In Waziris Heimatstadt Auchi findet diese Botschaft nach wie vor Anklang. Wie Ikonne in den Liner Notes des Albums
schreibt: “The people of Auchi may worship in different houses, but they all come together on the dance floor. For
in Auchi, as in most societies in sub-Saharan Africa, dancing is a form of communication, energy transmission and prayer. Beyond the churches, beyond the mosques, the dance floor is the holiest
place.”
Das ist es, was Waziris kraftvolle Musik und die Spirituality Classics-Serie von Luaka Bop verbindet,
die die Beziehung zwischen Musik und Glauben in verschiedenen spirituellen Gemeinschaften auf der ganzen Welt beleuchtet. Die Bandbreite von Waziris Musik geht über feste Vorstellungen von
Religion hinaus und vermittelt stattdessen Botschaften der Heilung und des Miteinanders, die unsere gemeinsame Menschlichkeit widerspiegeln.

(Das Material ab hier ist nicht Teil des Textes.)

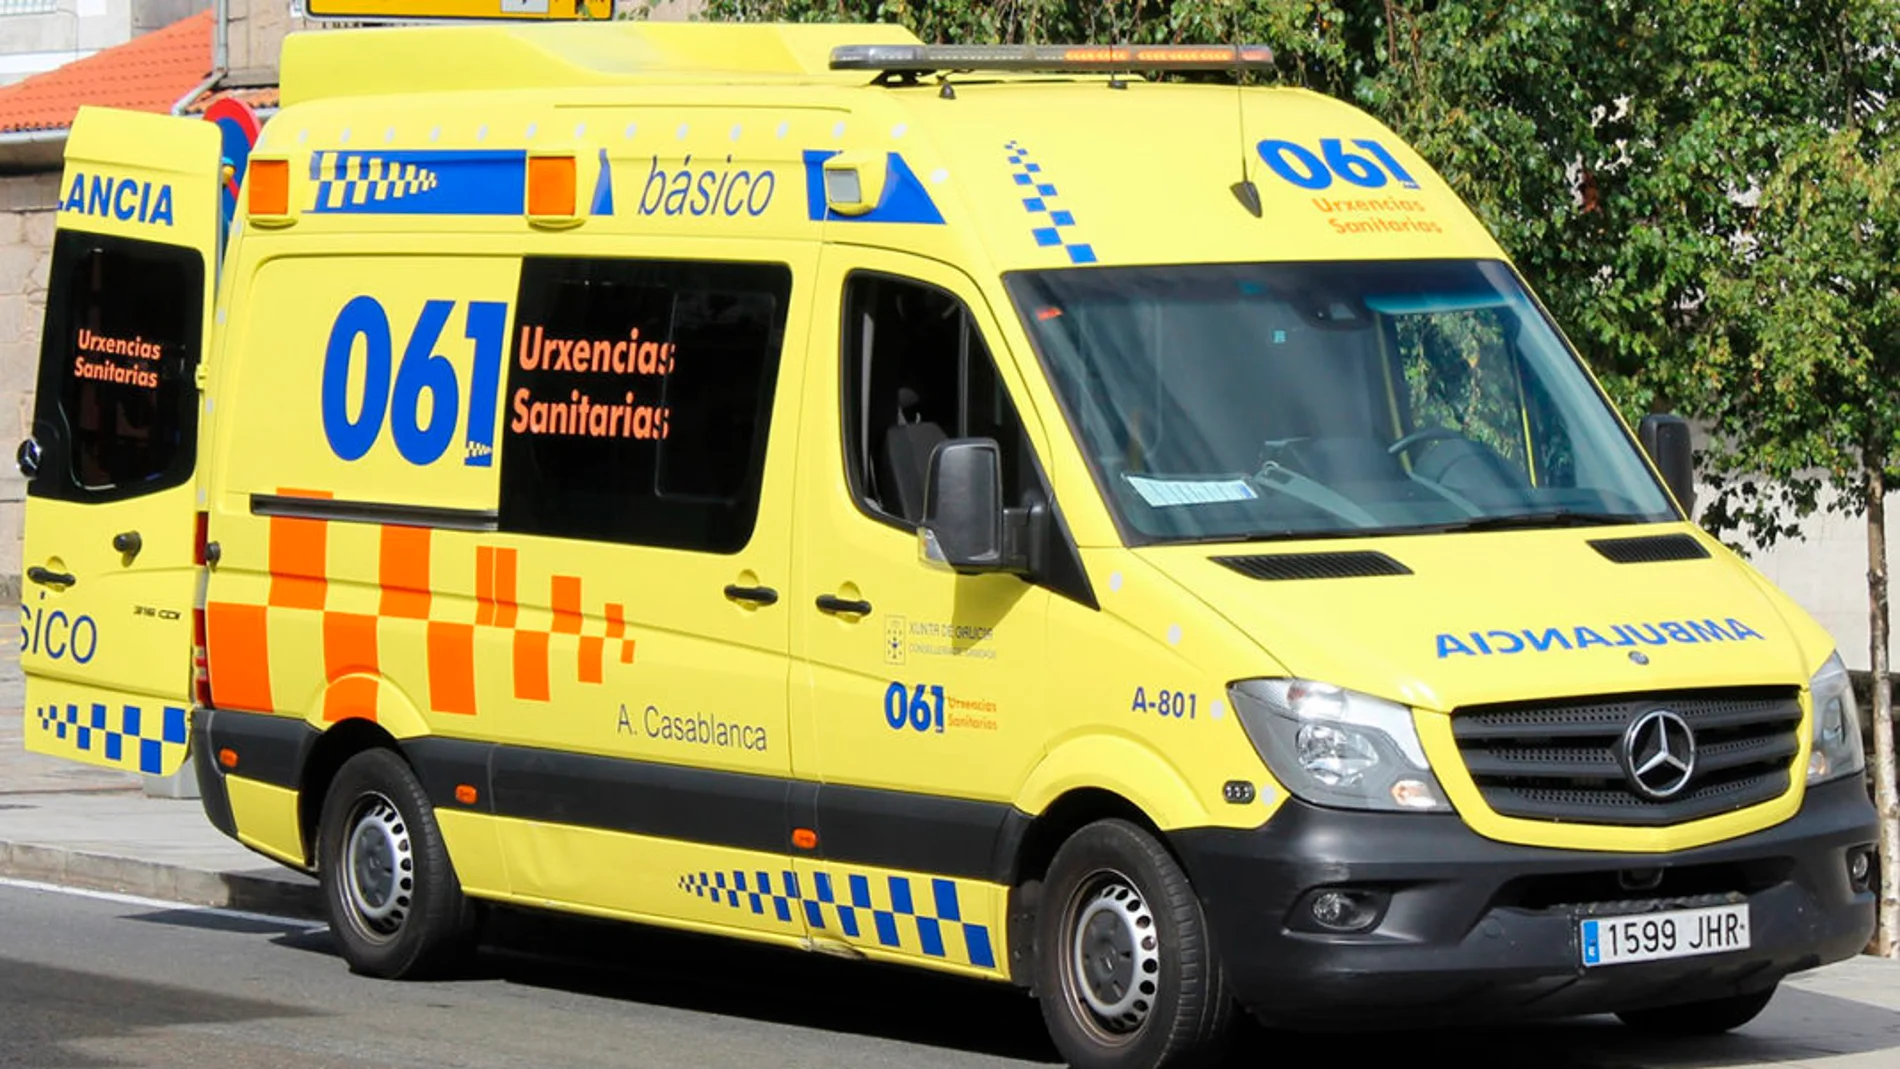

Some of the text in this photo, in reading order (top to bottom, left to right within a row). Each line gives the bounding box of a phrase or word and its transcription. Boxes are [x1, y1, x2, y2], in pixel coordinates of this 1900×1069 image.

[638, 154, 776, 216] básico
[1256, 138, 1421, 190] 061
[57, 172, 174, 227] ANCIA
[1311, 196, 1426, 213] Urxencias
[1328, 215, 1443, 235] Sanitarias
[77, 328, 162, 360] Urxencias
[518, 325, 676, 375] Urxencias
[74, 356, 159, 389] Sanitarias
[321, 294, 508, 468] 061
[511, 386, 670, 440] Sanitarias
[910, 622, 994, 642] XUNTA DE GALICIA
[884, 681, 944, 734] 061
[947, 696, 997, 713] Urxencias
[948, 713, 997, 732] Sanitarias
[1131, 686, 1197, 720] A-801
[616, 703, 767, 751] A. Casablanca
[1609, 912, 1739, 957] 1599 JHR
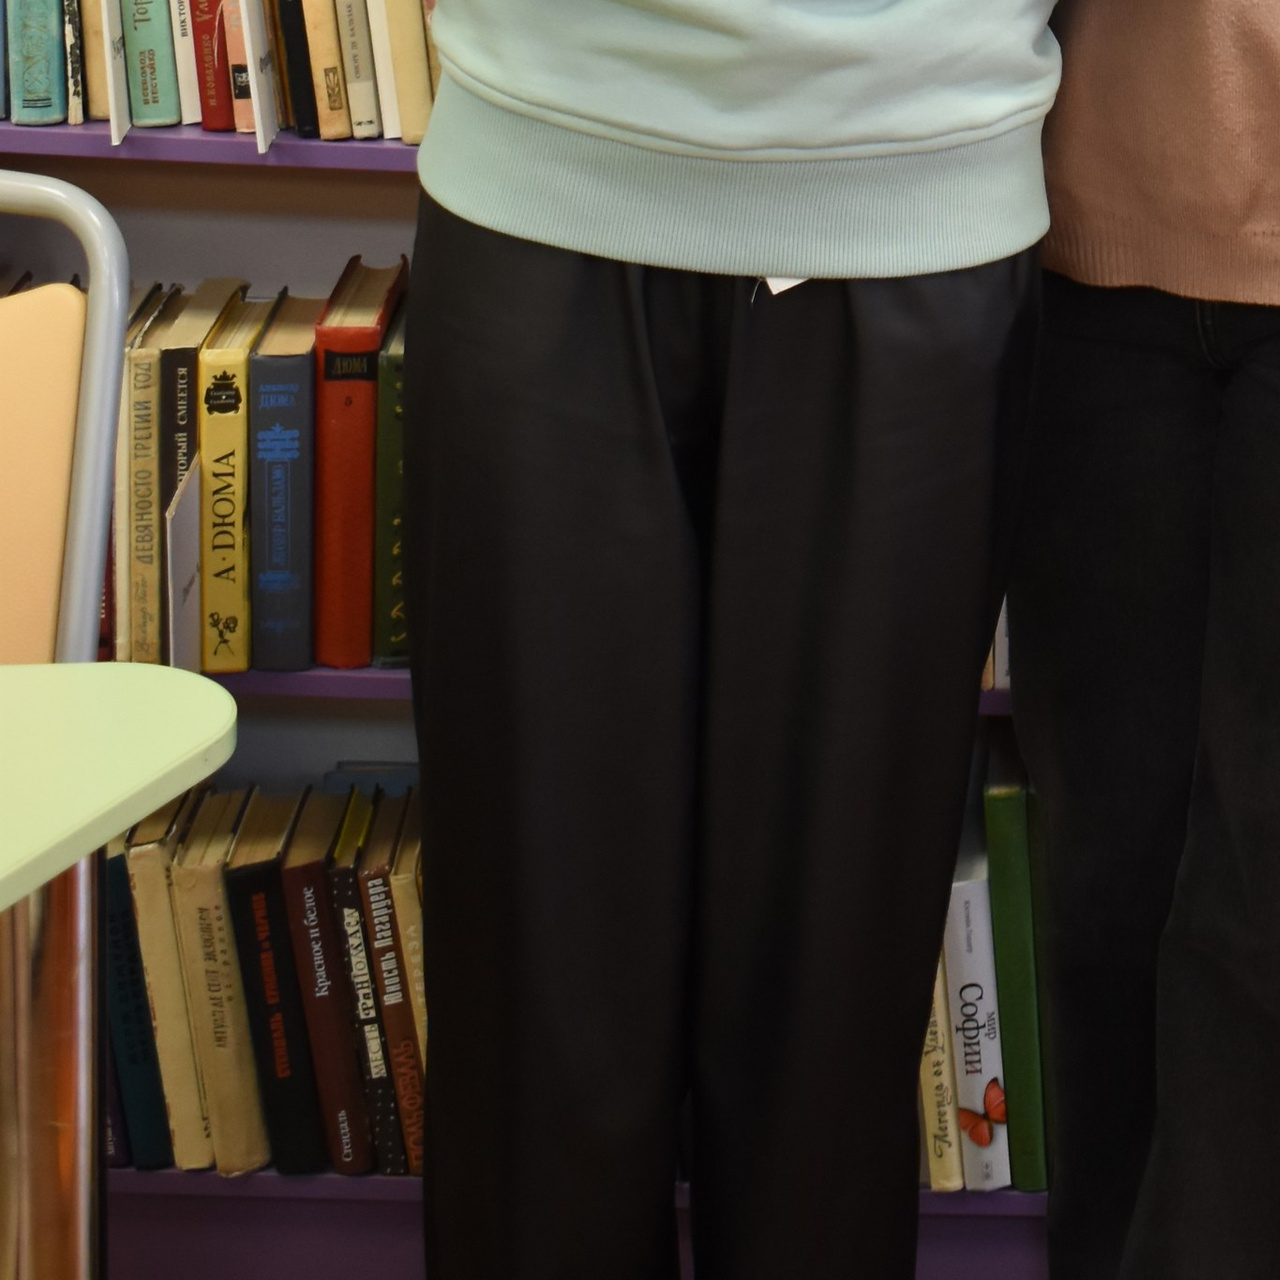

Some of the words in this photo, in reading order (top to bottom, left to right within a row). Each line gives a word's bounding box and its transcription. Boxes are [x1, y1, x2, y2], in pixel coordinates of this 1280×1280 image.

[131, 362, 152, 390] ГОД
[132, 400, 152, 460] ТРЕТИЙ
[133, 470, 153, 564] ДЕВЯНОСТО
[302, 887, 319, 926] белое
[308, 929, 320, 938] и
[309, 941, 329, 997] Красное
[955, 983, 983, 1075] Софии
[986, 1012, 998, 1039] мир
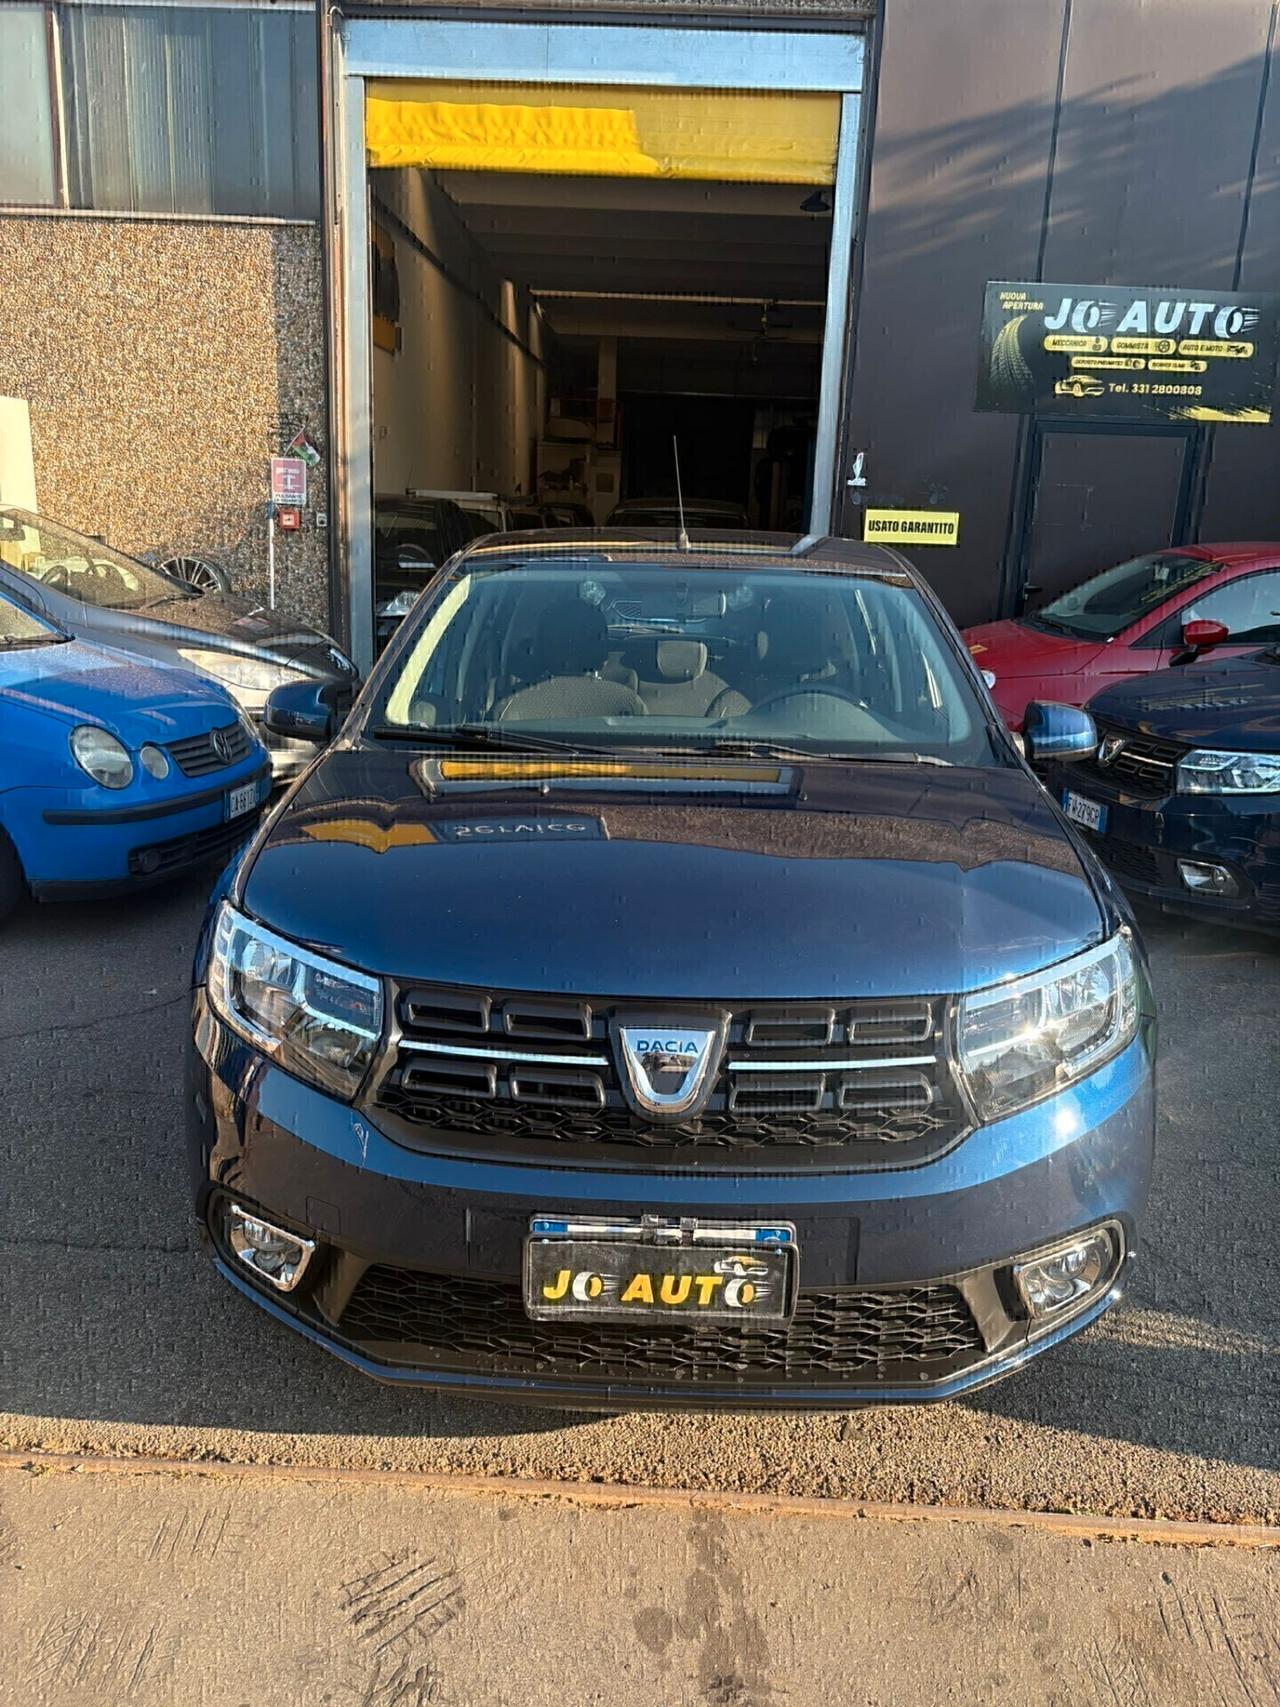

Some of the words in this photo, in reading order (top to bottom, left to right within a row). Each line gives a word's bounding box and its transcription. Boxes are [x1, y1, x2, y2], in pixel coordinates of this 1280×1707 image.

Waziri, der immer noch regelmäßig auftritt und ein hoch angesehenes Mitglied der Gemeinde ist, das in Moscheen und Schulen
in der Region mit investiert hat, stellt die lokale Kultur in den Mittelpunkt seines sozialen und spirituellen Highlife. Der Große Vater von Etsako, der Oyoyo-König, der Pate der Afenmai-Musik,
er ist der musikalische Prediger, der seine Leute immer an erste Stelle setzt. Die Zeit ist gekommen, dass die Welt mit ihnen tanzt.